Empresas como a Microsoft, Electronic Arts e Macromedia ganharam, em ação movida pela Associação Brasileira das Empresas de Software (Abes), o direito de serem ressarcidas pelos lojistas e pela responsável pelo imóvel que sediava o shopping.

Após três anos de briga na 36ª Vara Cível do Tribunal de Justiça de São Paulo, a juíza Tatiana Magosso aceitou os argumentos dos gigantes do software que exigiam a indenização por prejuízos pela venda de produtos “falsificados”. “Evidente que deixaram de lucrar com a vendagem dos produtos originais em razão da disponibilização de produtos falsificados pelas requeridas”, argumentou a juíza na sentença.

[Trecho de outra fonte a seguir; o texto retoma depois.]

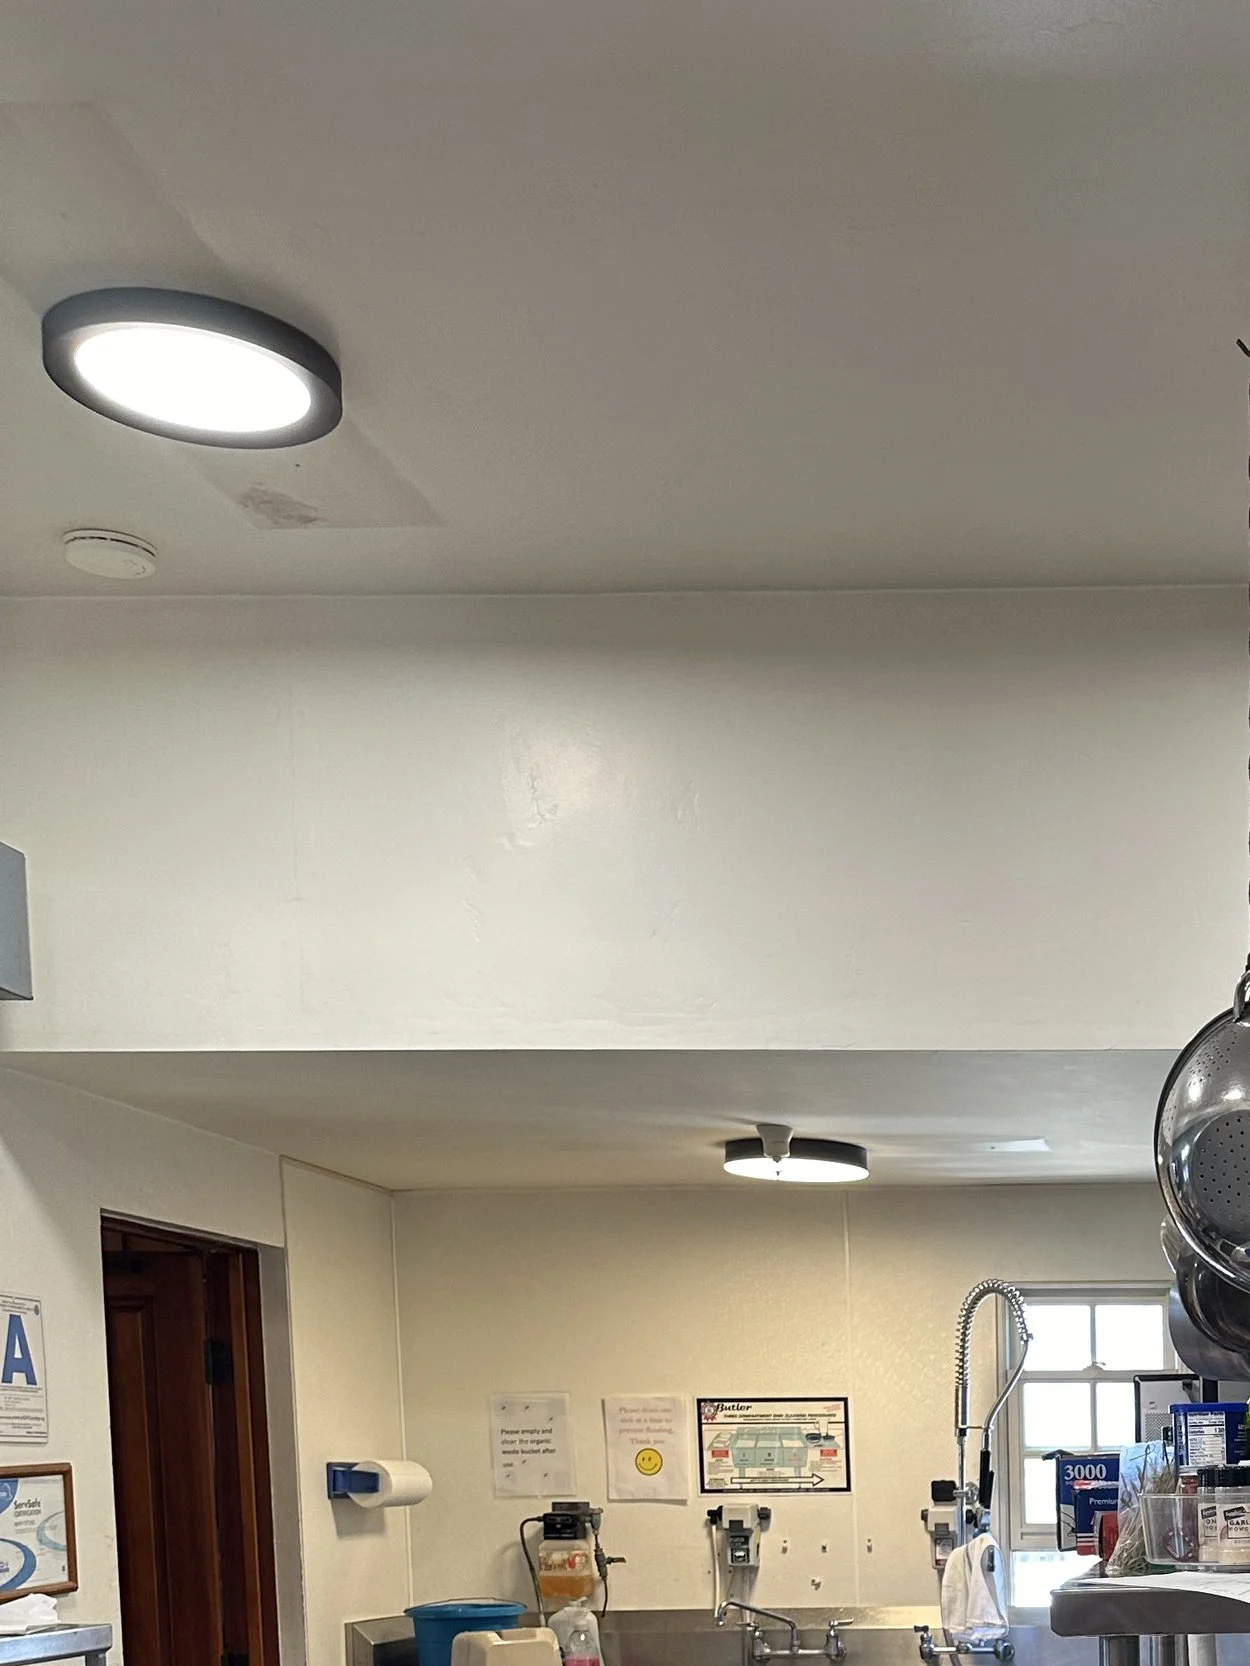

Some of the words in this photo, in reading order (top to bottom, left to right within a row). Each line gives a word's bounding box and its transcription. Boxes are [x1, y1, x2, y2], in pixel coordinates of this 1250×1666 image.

[1, 1313, 38, 1386] A
[717, 1403, 752, 1413] Butler
[1064, 1464, 1107, 1480] 3000
[14, 1498, 41, 1510] ServSafe

Os comerciantes, na maioria chineses, que vendiam programas de informática não foram encontrados pelo G1 para comentar a decisão judicial.

O advogado Pedro Mora Siqueira, que representa o Stand Center, acredita que a decisão vá ser reformada por uma instância superior da Justiça. “Se há um culpado aí é o Estado que deve ser responsabilizado pela omissão”, defendeu.

Ele argumenta que não era função do Stand Center fiscalizar o que era vendido pelos locatários dos boxes. “Isso é obrigação da polícia”, disse.

O Stand Center está fechado desde dezembro de 2007. Segundo o advogado que representa a empresa, o dono do imóvel não quis renovar o contrato de aluguel com o Stand Center. Cerca de 220 boxes funcionavam na galeria.